§ **REQUIRED WORK**
Write out the entries verbatim and leave the images out of the copy.

§ **INPUT FOR THIS TASK**
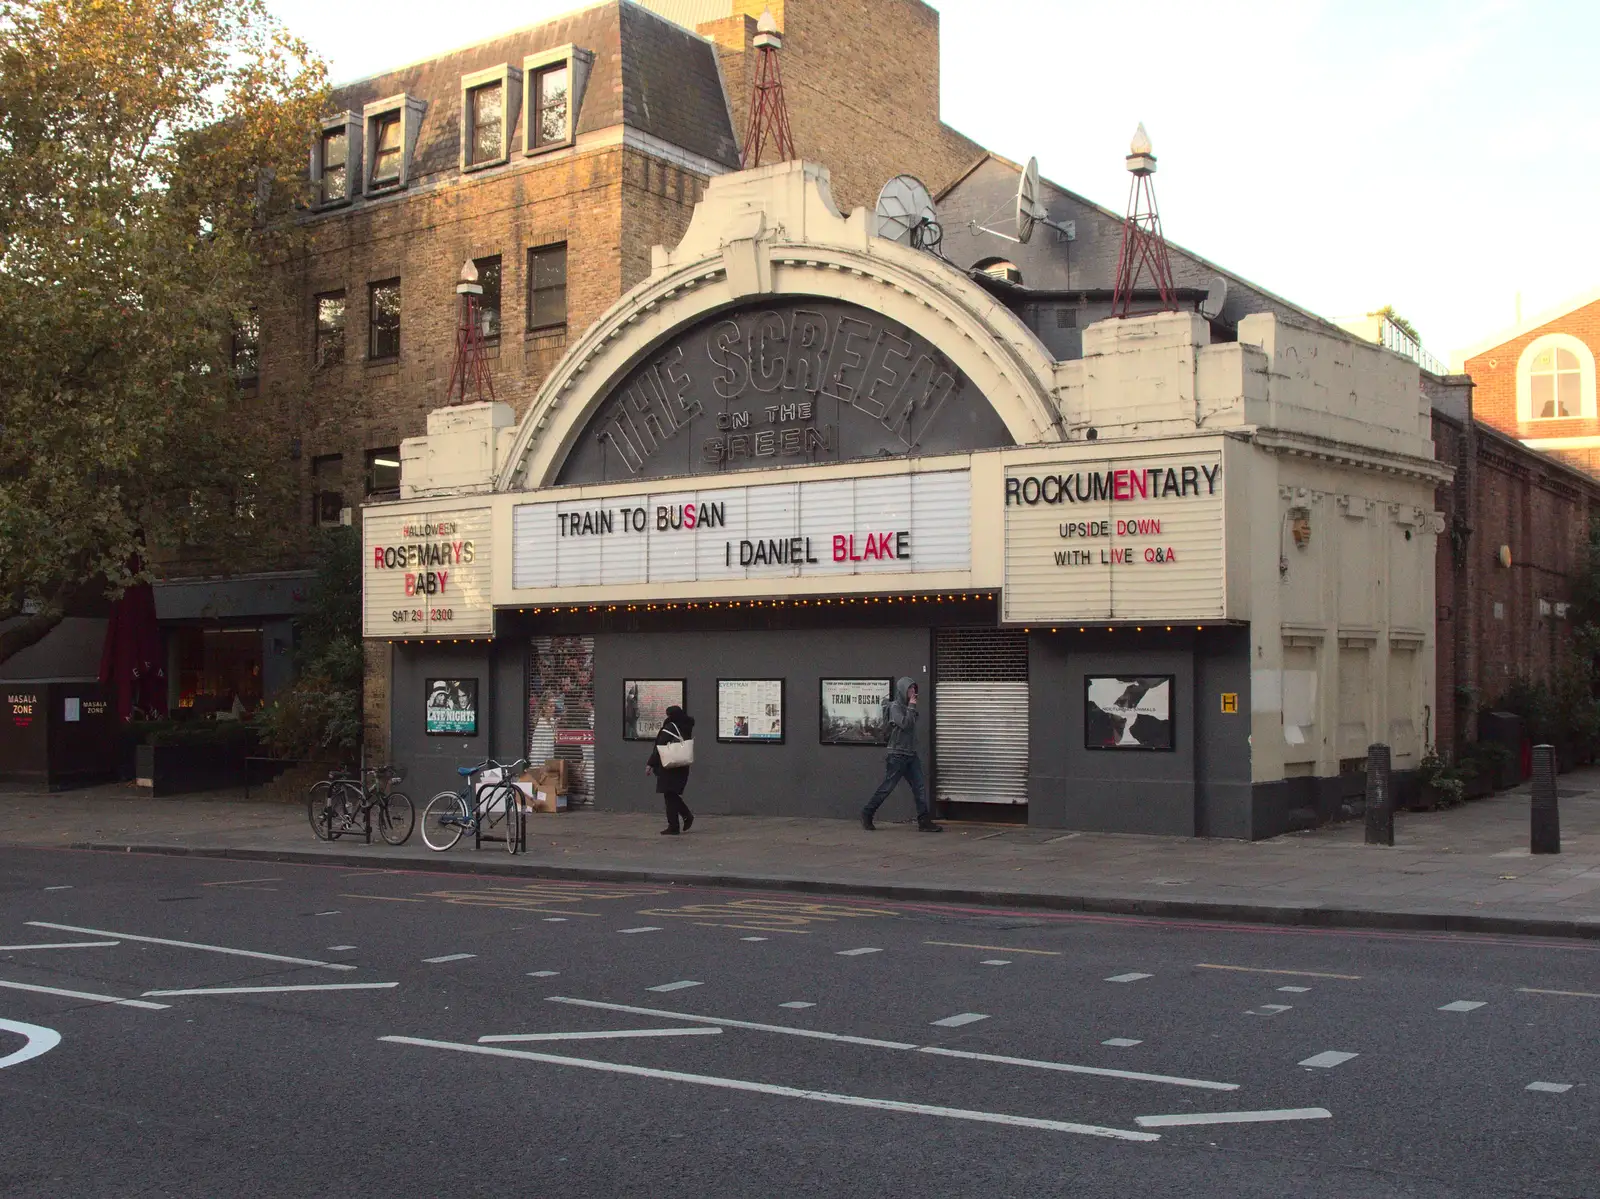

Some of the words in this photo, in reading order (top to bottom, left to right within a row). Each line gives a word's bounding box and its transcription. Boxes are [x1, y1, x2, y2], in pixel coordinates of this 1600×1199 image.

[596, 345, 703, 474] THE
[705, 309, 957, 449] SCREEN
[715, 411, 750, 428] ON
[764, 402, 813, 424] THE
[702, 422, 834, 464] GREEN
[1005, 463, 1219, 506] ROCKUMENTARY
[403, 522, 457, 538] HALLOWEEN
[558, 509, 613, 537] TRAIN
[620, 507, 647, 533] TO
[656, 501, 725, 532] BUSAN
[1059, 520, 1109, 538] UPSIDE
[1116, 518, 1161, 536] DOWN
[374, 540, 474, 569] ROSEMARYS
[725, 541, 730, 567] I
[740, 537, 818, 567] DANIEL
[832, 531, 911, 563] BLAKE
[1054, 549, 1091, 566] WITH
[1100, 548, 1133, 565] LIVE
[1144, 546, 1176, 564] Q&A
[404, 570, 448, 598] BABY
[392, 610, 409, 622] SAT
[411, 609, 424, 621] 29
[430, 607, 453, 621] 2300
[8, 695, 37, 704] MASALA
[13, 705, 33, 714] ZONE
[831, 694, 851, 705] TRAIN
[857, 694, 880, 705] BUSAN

§ **RESPONSE AREA**
Some of the words in this photo, in reading order (top to bottom, left to right within a row). Each line gives a word's bounding box and its transcription. Boxes are [x1, y1, x2, y2], in pixel coordinates of this 1600×1199 image.

[596, 345, 703, 474] THE
[705, 309, 957, 449] SCREEN
[715, 411, 750, 428] ON
[764, 402, 813, 424] THE
[702, 422, 834, 464] GREEN
[1005, 463, 1219, 506] ROCKUMENTARY
[403, 522, 457, 538] HALLOWEEN
[558, 509, 613, 537] TRAIN
[620, 507, 647, 533] TO
[656, 501, 725, 532] BUSAN
[1059, 520, 1109, 538] UPSIDE
[1116, 518, 1161, 536] DOWN
[374, 540, 474, 569] ROSEMARYS
[725, 541, 730, 567] I
[740, 537, 818, 567] DANIEL
[832, 531, 911, 563] BLAKE
[1054, 549, 1091, 566] WITH
[1100, 548, 1133, 565] LIVE
[1144, 546, 1176, 564] Q&A
[404, 570, 448, 598] BABY
[392, 610, 409, 622] SAT
[411, 609, 424, 621] 29
[430, 607, 453, 621] 2300
[8, 695, 37, 704] MASALA
[13, 705, 33, 714] ZONE
[831, 694, 851, 705] TRAIN
[857, 694, 880, 705] BUSAN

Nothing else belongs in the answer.